En effet, le Conseil d'Etat constate que l'encadrement juridique de ces collections vise non seulement un premier but, la protection des personnes concernées, ce qui revient à la CNIL, mais également à s'assurer de la pertinence scientifique du projet et du respect des règles d'hygiène et de sécurité. Pour votre rapporteur, ces deux derniers rôles ne relèvent pas de la CNIL, mais bien des deux ministres en charge de ces secteurs.

Une seconde solution avait donc davantage la faveur du Conseil d'Etat.

« Aussi, afin de préserver les exigences scientifiques de transparence et d'évaluation, l'unification des régimes définis par les articles L. 145-16-1 (devenu l'article L.1131-4) et L. 672-11 (devenu l'article L. 1243-2) du code de la santé publique devra-t-elle s'accompagner du maintien d'une déclaration préalable de toutes les collections d'échantillons biologiques humains auprès du ministre chargé de la recherche. Celui-ci, après avis du comité consultatif des traitements de données dans le domaine de la recherche en santé, conserverait le pouvoir de s'opposer dans un délai de trois mois à l'exploitation d'une collection.

« L'adoption de cet encadrement juridique à la lisibilité plus grande serait de nature à permettre un contrôle plus efficace du développement de ces collections du point de vue du droit des personnes comme celui de la recherche scientifique. »

Le régime proposé, qui reprend la deuxième option présentée par le Conseil d'Etat, laisse subsister une interrogation.

La nouvelle rédaction proposée pour l'article L. 1131-4 du code de la santé publique vise à soumettre les collections d'échantillons biologiques aux règles régissant la conservation et la transformation d'éléments du corps humain à des fins de recherche scientifique.

Ces règles définies à l'article 8 du présent projet de loi comprennent la faculté d'opposition du ministre de la recherche. Le souhait du Conseil d'Etat, rappelé ci-dessus, que subsiste une obligation générale de déclaration lors de la constitution de ces collections subsiste ainsi que la compétence du ministre de la recherche.

Si l'unification de ce régime était souhaitable, elle laisse subsister une interrogation qui était un point d'achoppement en 1996. En effet la commission mixte paritaire s'était interrogée sur la notion de « autorité administrative » qu'elle avait définie comme étant les ministres en charge de la recherche et de la santé.
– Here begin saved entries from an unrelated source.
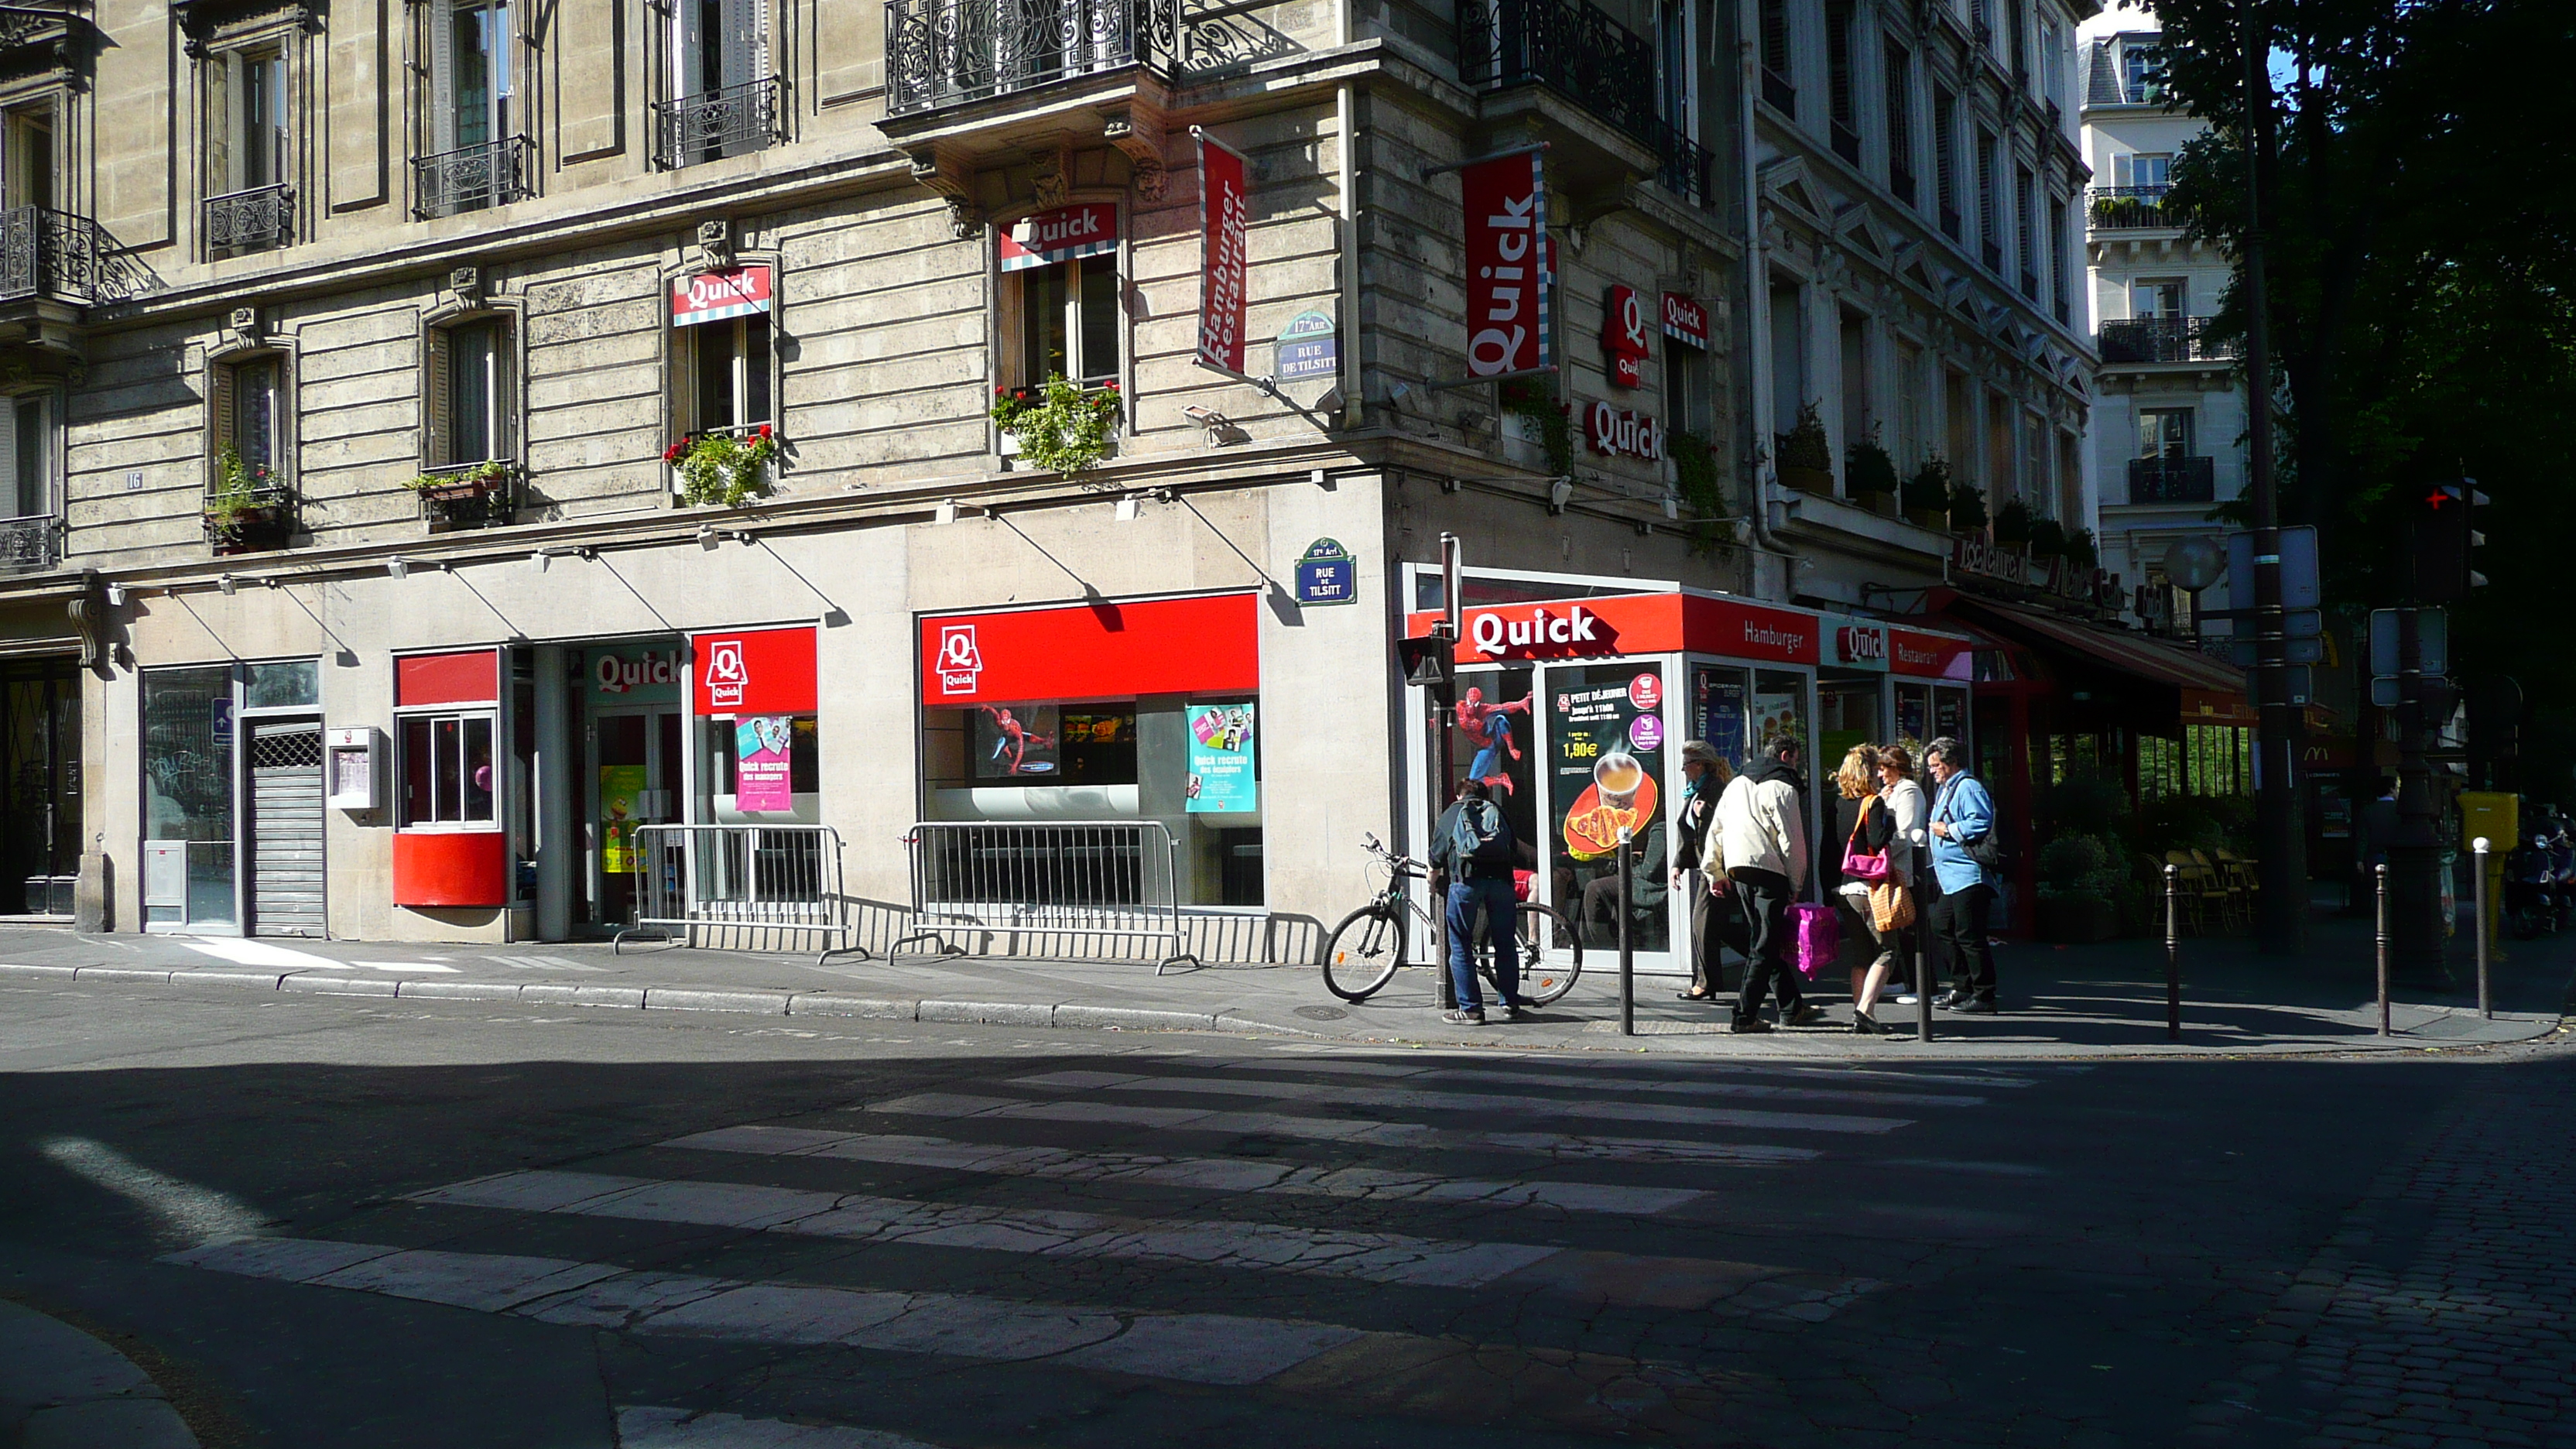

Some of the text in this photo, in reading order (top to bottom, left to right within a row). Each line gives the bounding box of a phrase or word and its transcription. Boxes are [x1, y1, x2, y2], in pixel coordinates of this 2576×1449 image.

[1020, 207, 1099, 252] Quick
[1200, 180, 1235, 361] Hamburger
[1214, 194, 1245, 370] Restaurant
[687, 269, 756, 310] Quick
[1468, 194, 1534, 377] Quick
[1667, 296, 1701, 331] Quick
[1297, 345, 1322, 358] RUE
[1283, 356, 1336, 374] DE TILSITT
[1595, 400, 1663, 461] Quick
[129, 473, 140, 488] 16
[1315, 567, 1335, 579] RUE
[1309, 584, 1341, 597] TILSITT
[1472, 605, 1597, 655] Quick
[1744, 619, 1804, 655] Hamburger
[1848, 625, 1887, 662] Quick
[1897, 642, 1938, 665] Restaurant
[596, 649, 683, 693] Quick
[947, 673, 973, 687] Quick
[715, 687, 739, 698] Quick
[1570, 688, 1628, 704] PETIT DÉJEUNER
[1194, 755, 1248, 766] Quick recrute
[1563, 742, 1598, 759] 1,90€
[738, 761, 789, 772] Quick recrute
La nouvelle rédaction unifie le dispositif au bénéfice du ministre en charge de la recherche, le ministre de la santé n'étant désormais plus consulté.

Sous le bénéfice de ces observations, votre commission vous propose d'adopter cet article sans modification .

* 39 M. Bernard Kouchner, débats Assemblée nationale, 16 janvier 2002, JO, p. 581.

* 40 Convention d'Oviedo, référence précitée.

* 41 Conseil d'Etat, Etude précitée, p. 96.

* 42 Cf. compte rendu des auditions en annexe du présent rapport (c'est votre rapporteur qui souligne).

* 43 Etude précitée, p. 98.

* 44 Etude précitée, p 105-106.

* 45 Car confronté au refus de se livrer à un tel test, le juge pourra présumer la filiation.

* 46 Jules Supervielle, Shéhérazade.

* 47 M. Alain Clayes, débats Assemblée nationale, JO p. 585.

* 48 M. Bernard Kouchner, 16 janvier 2002, p. 585.

* 49 Cf. compte rendu des auditions annexé au présent rapport (c'est votre rapporteur qui souligne).

* 50 Etude précitée, p. 104. (c'est votre rapporteur qui souligne).